Key concepts and goals for today:

  • Finish up basics of Racket that we will use throughout the class: lists, structs, first-class functions
  • Implement our first programming language: calc
    • Understand abstract syntax surface syntax
    • Be able to draw a parse tree
    • Understand host semantics

Lists

  • Lists are built out of two constructors:
    • '(), the empty list value
    • (cons hd tl), the list constructor that concatenates hd to the list tl
  • For example, we can construct a list of elements 1, 2, 3 by applying cons three times:
> (cons 1 (cons 2 (cons 3 '())))
'(1 2 3)
  • Note the syntax '(1 2 3), which is read “quote one two three”. This is how Racket renders lists; more on that later
  • It is tedious to type cons all the type so there are a number of short-hand ways to describe lists in Racket:
> (list 1 2 3)
'(1 2 3)
> '(1 2 3)
'(1 2 3)
  • There are a number of useful built-in functions for lists; you can see a full list here
  • Here are some examples of some useful ones:
> (define my-list '(1 2 3))
> (empty? my-list)
#f
> (length my-list)
3
  • Now that we’ve built lists, we need a way of destructing them. To do this, we will use the built-in match function:
> (define my-list '(1 2 3))
> (match my-list 
   ['() "empty!]
   [(cons hd tl) "not empty!])
  • Now we can define some interesting functions involving lists! Here is one that sums all of the elements of a list:
; sum-list: int list -> int
; returns the sum of all elements in the list
(define (sum-list l)
  (match l
    ['() 0]
    [(cons hd tl) (+ hd (sum-list tl))]))

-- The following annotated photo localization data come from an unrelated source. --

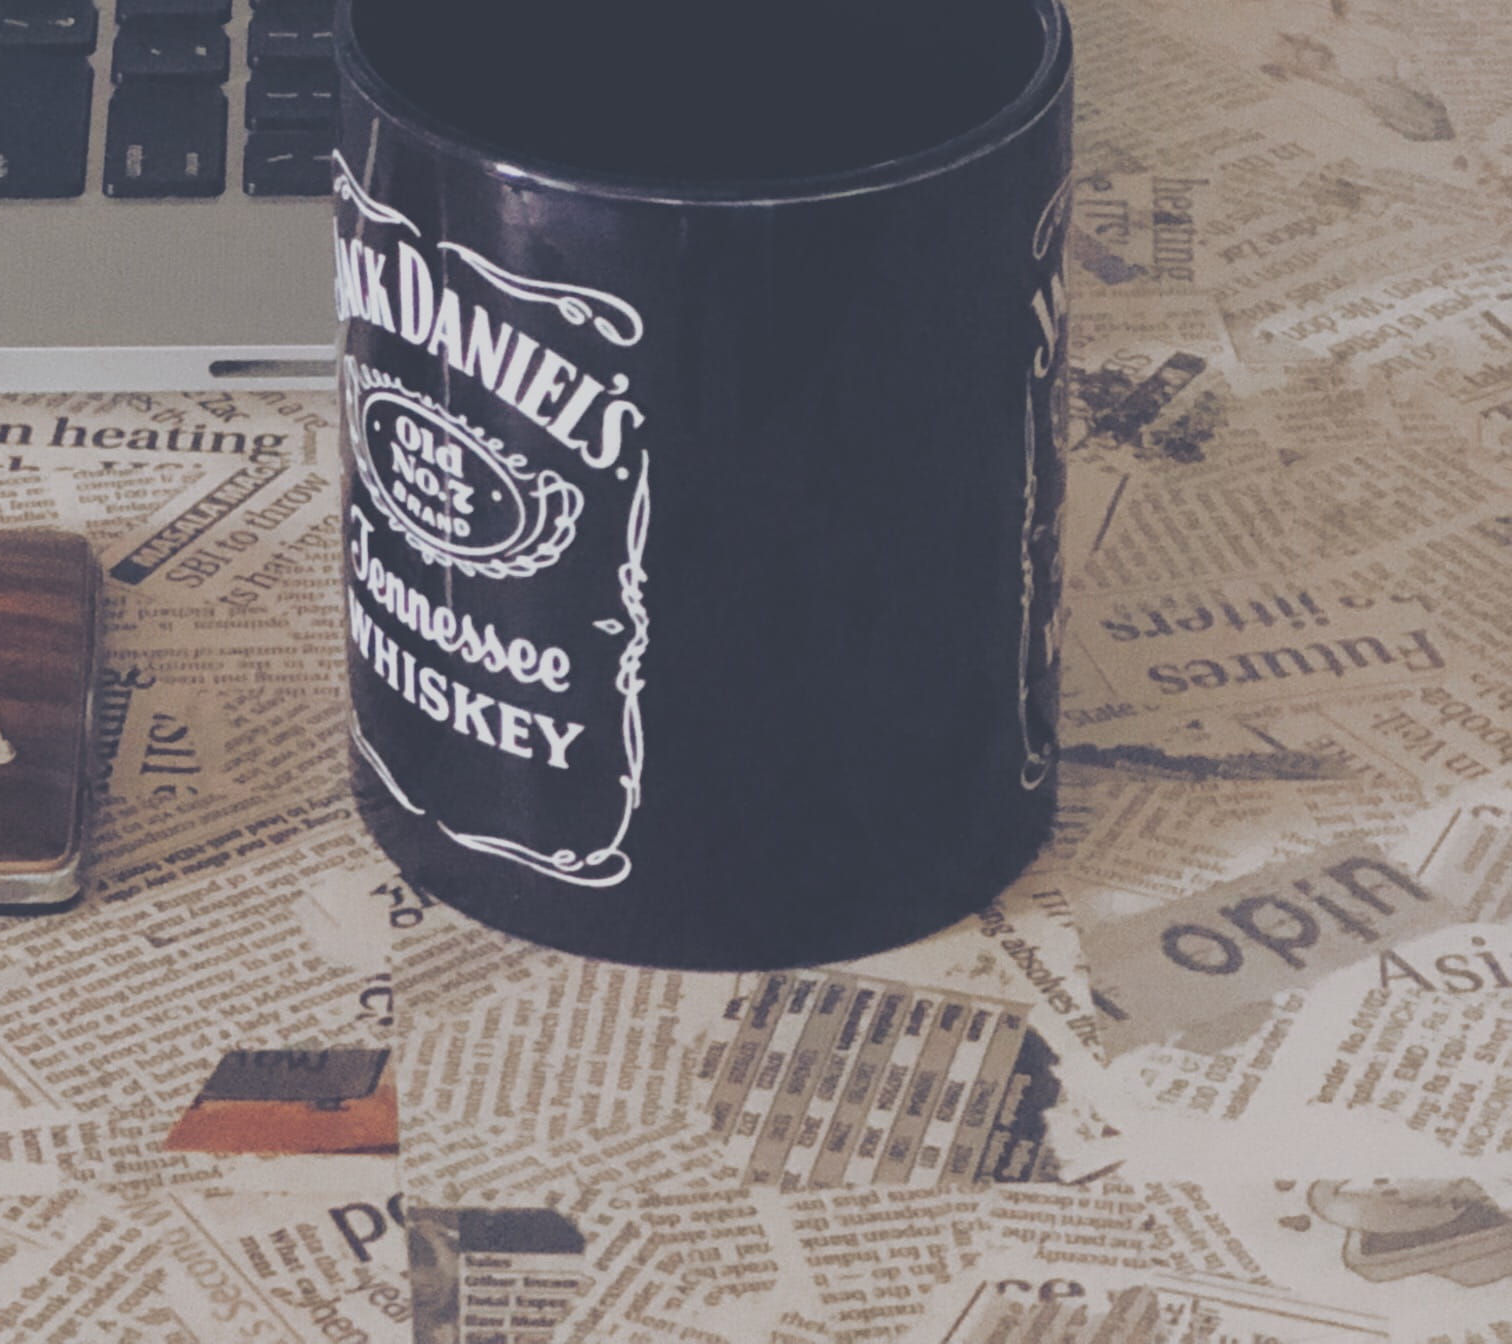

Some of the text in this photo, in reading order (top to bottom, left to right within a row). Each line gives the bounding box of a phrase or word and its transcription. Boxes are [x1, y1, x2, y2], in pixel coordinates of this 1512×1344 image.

[48, 415, 290, 458] heating
[396, 415, 465, 478] Old
[165, 470, 331, 586] SBI to throw
[392, 479, 471, 538] BRAND
[347, 585, 585, 770] WHISKEY
[1145, 627, 1445, 698] Futures
[1160, 855, 1433, 976] opin
[999, 931, 1080, 1018] absolves
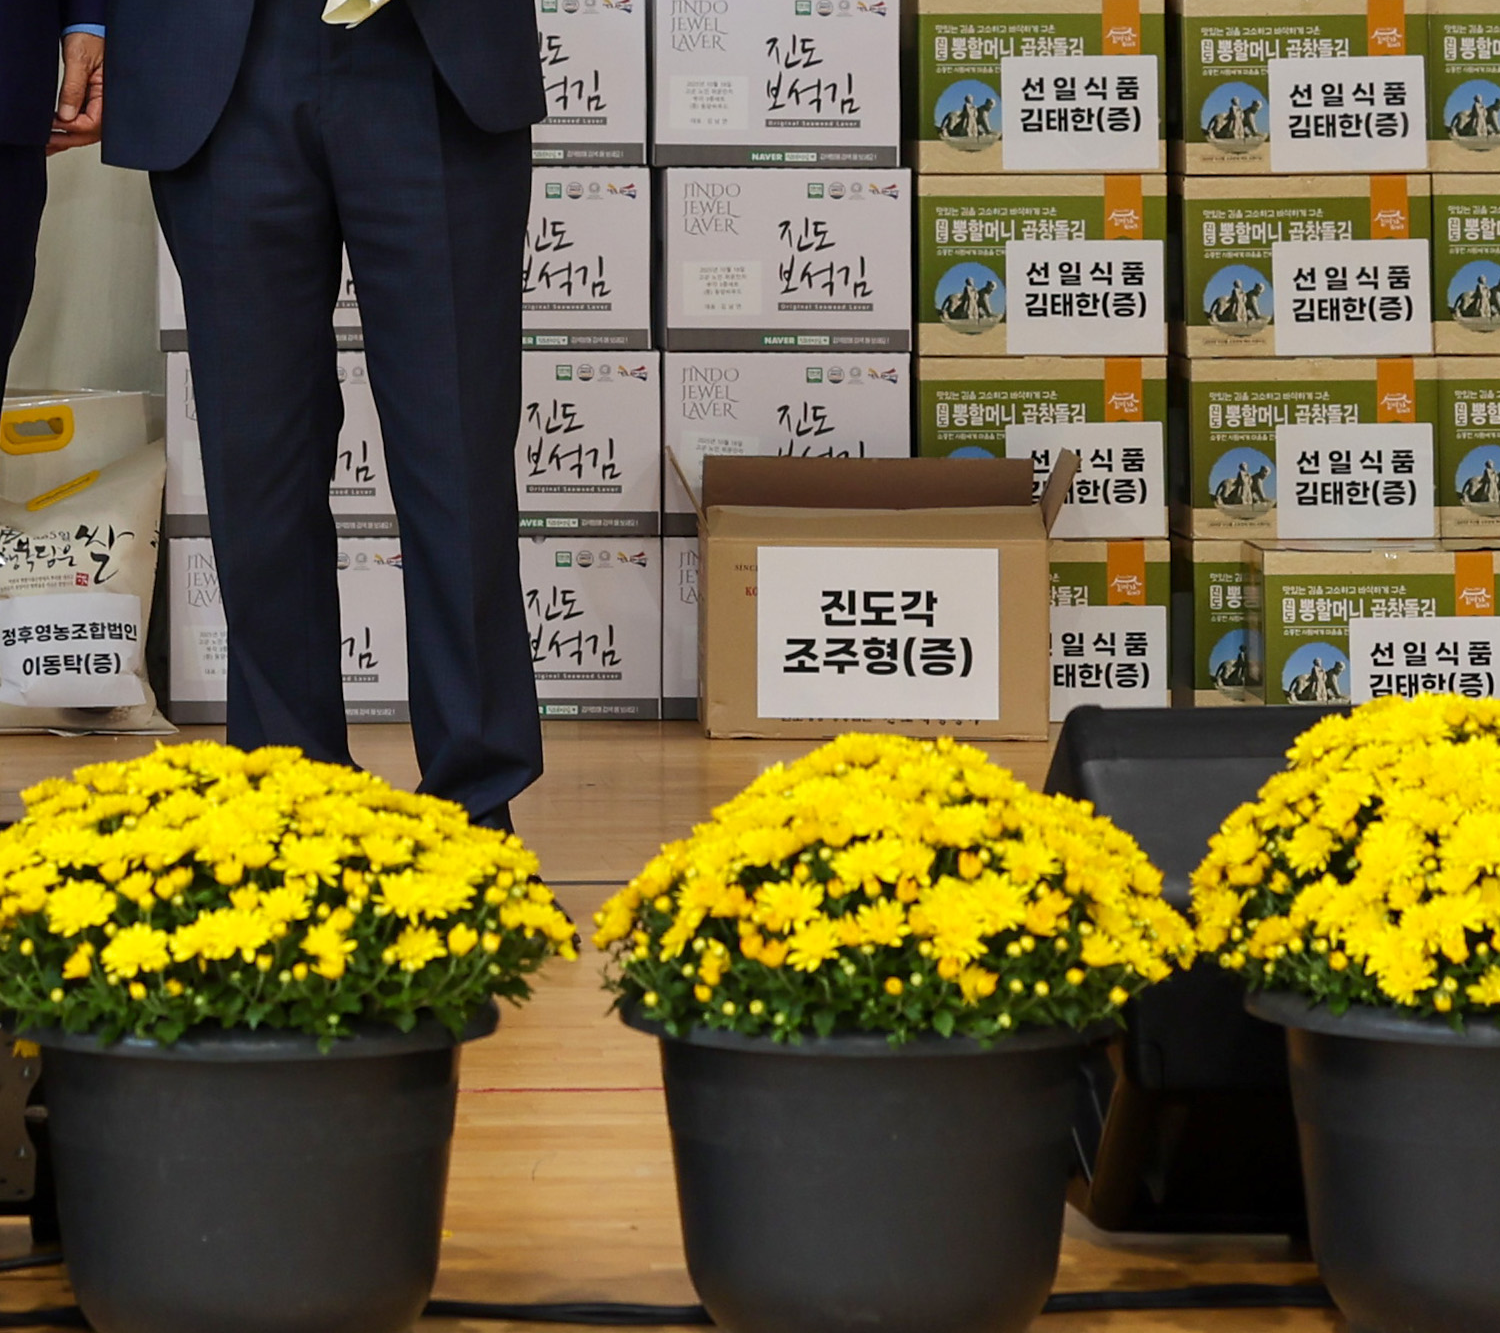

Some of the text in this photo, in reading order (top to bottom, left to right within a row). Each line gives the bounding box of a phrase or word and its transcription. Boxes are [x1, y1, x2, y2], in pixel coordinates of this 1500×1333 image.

[671, 16, 728, 35] JEWEL
[671, 34, 727, 52] LAVER
[767, 35, 822, 68] 진도
[1217, 36, 1350, 61] 뽕할머니 곱창돌김
[767, 73, 859, 113] 보석김
[1021, 106, 1141, 132] 김태한(증)
[1289, 112, 1408, 138] 김태한(증)
[752, 152, 783, 161] NAVER
[683, 182, 741, 199] JINDO
[683, 200, 741, 218] JEWEL
[683, 217, 739, 236] LAVER
[779, 218, 834, 251] 진도
[780, 256, 872, 297] 보석김
[1026, 292, 1146, 318] 김태한(증)
[1293, 296, 1412, 322] 김태한(증)
[764, 336, 796, 345] NAVER
[526, 398, 585, 434] 진도
[778, 402, 834, 436] 진도
[526, 436, 622, 480] 보석김
[1296, 480, 1416, 506] 김태한(증)
[526, 585, 585, 621] 진도
[821, 591, 937, 627] 진도각
[1299, 597, 1437, 621] 뽕할머니 곱창돌김
[2, 622, 138, 646] 정후영농조합법인
[22, 653, 121, 676] 이동탁(증)
[784, 638, 972, 677] 조주형(증)
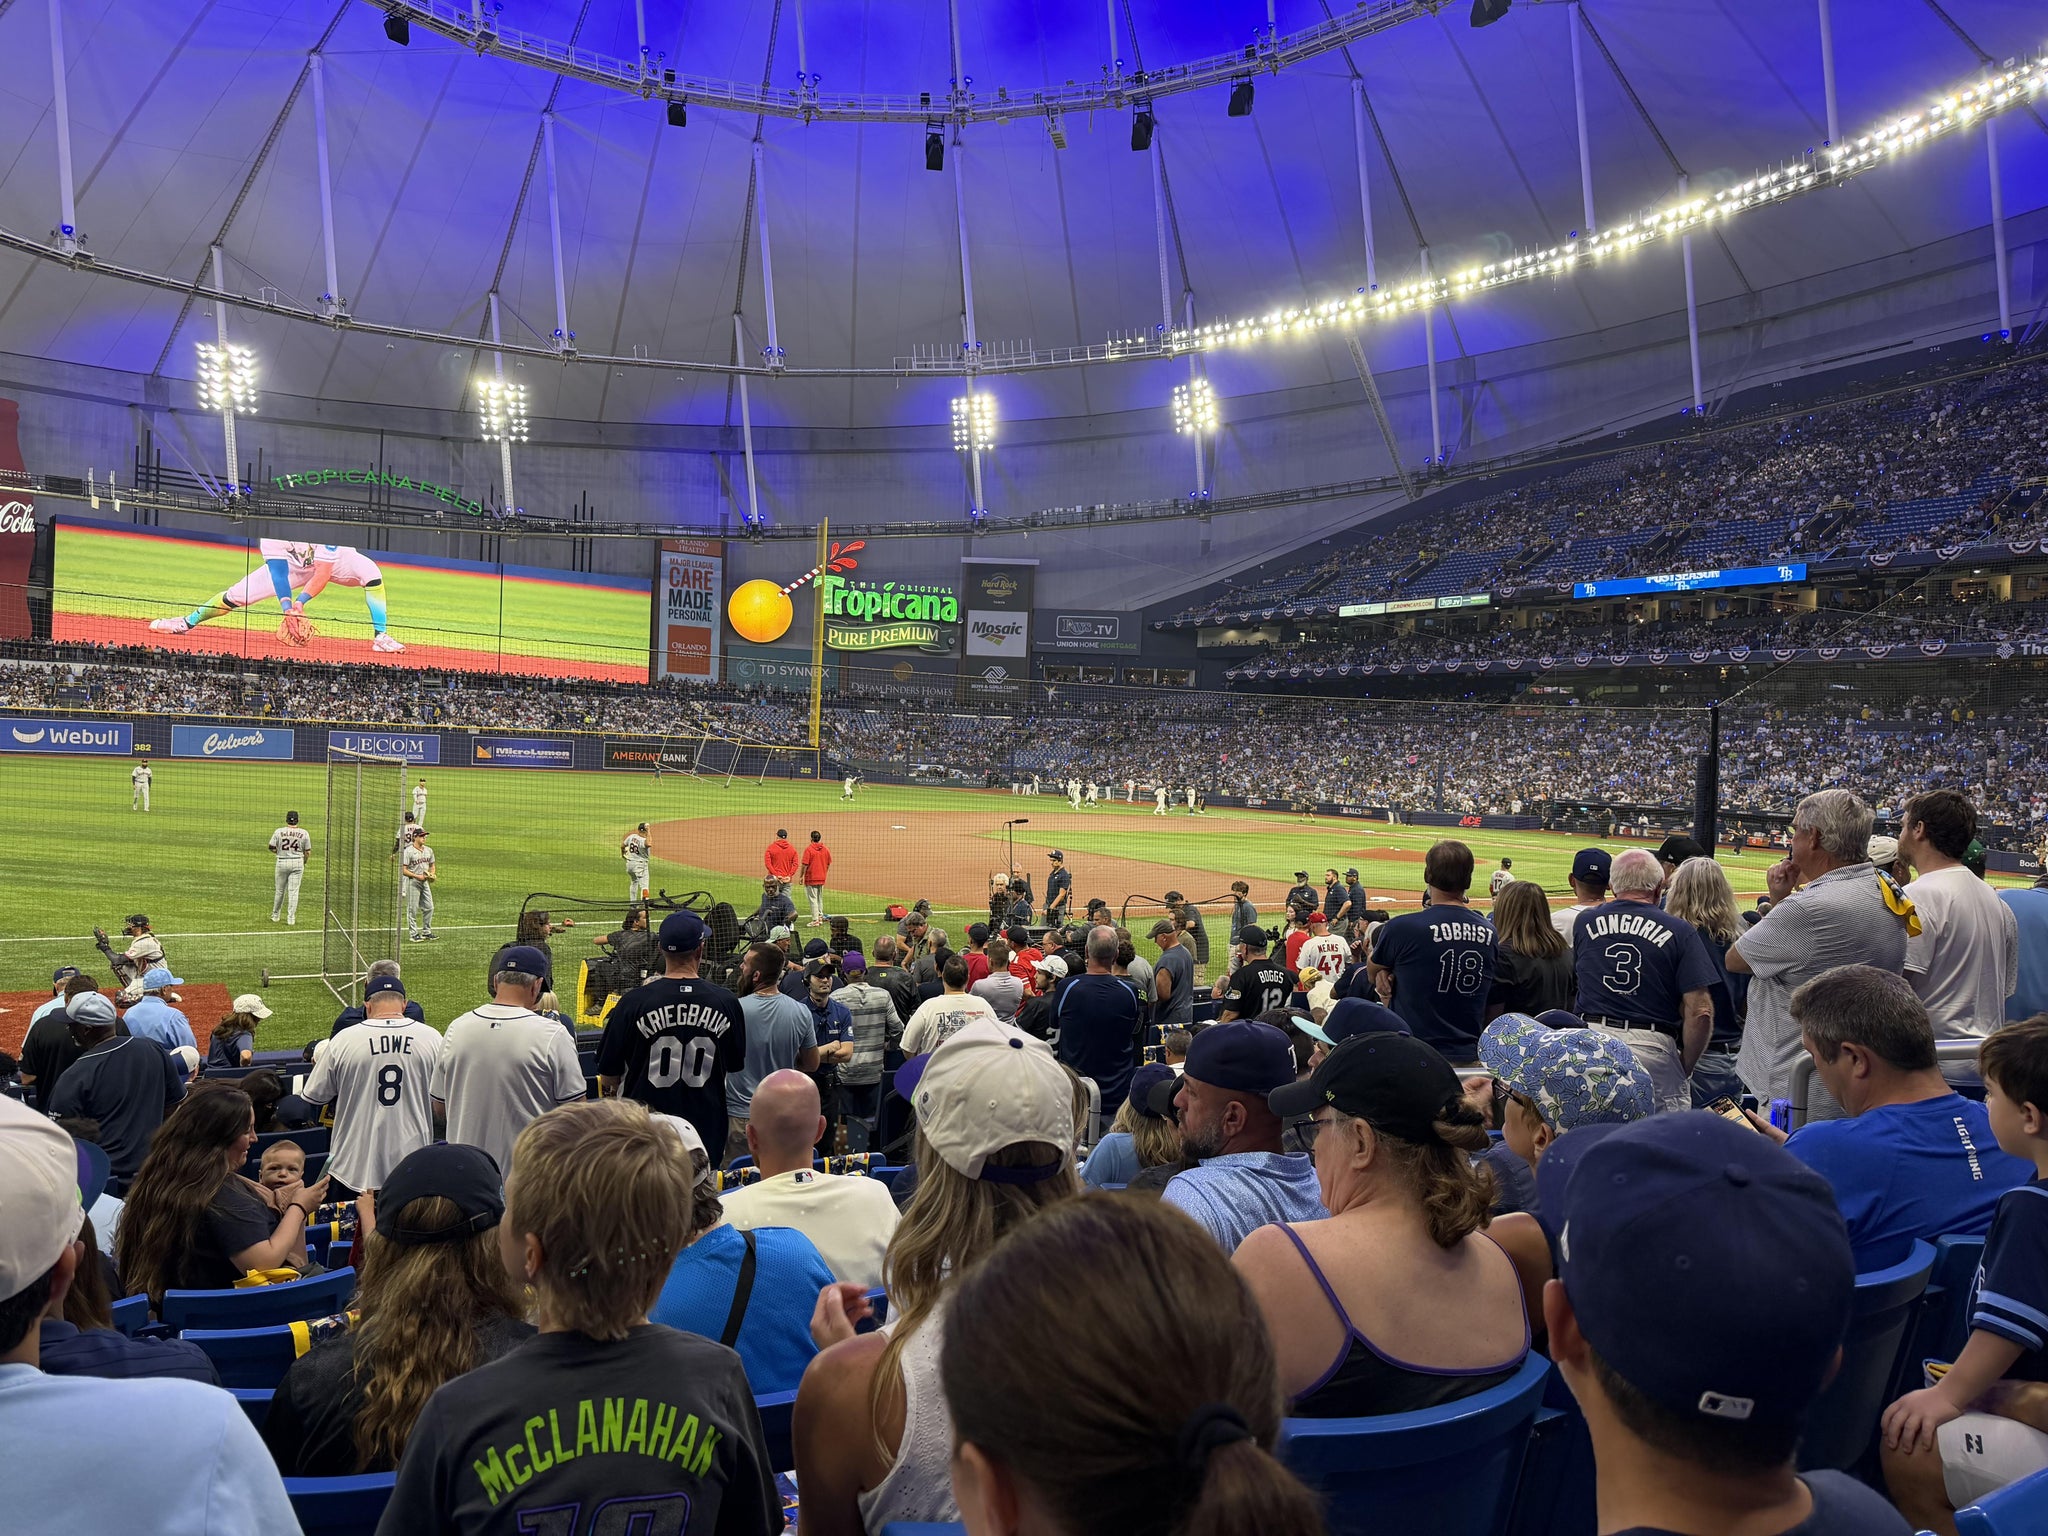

(check-equal? (sum-list '()) 0)
(check-equal? (sum-list '(1 2 3)) 6)

User-defined data-types

  • Most interesting programs implement their own custom data-types.
  • An example you will see in the homework is a binary tree. We can build binary trees in Racket as follows:
;;; type tree =
;;;   | node of tree * tree
;;;   | leaf of number
(struct node (l r) #:transparent)
(struct leaf (x) #:transparent)
  • Note the structure of comment that we used to describe this tree type. You read this as: “A tree is a type that either:
    1. a node that is a pair of trees;
    2. A leaf that is a number.
  • We will see more examples of writing these kinds of comments.
  • The #:transparent syntax is boilerplate: it tells the DrRacket REPL that this struct can be printed. If you’re curious, see here
  • Now we can build binary trees:
> (leaf 10)
(leaf 10)
> (node (leaf 20) (leaf 30))
(node (leaf 20) (leaf 30))
  • To destruct your structs and manipulate them, you should use pattern matching:
> (define my-tree (node (leaf 10) (leaf 20)))
> (match my-tree
    [(leaf n) n]
    [(node l r) l])
(leaf 10)
  • Experiment with matching to get a feel for it
  • Here is the detailed documentation for pattern matching if that is helpful. There are many more examples.

Local variables

  • Local variables are declared with the built-in let function:
> (let [(x 10)] (+ x 20))
30
  • There are a few different syntactic forms of let that offer different conveniences while programming; we will introduce those later as-needed. If you are curious see this part of the reference

First-class functions

We saw last time that every Racket program is either:

  • A value, which is a number, Boolean, or string
  • A function call, which is written (func-name arg1 arg2 ... argn).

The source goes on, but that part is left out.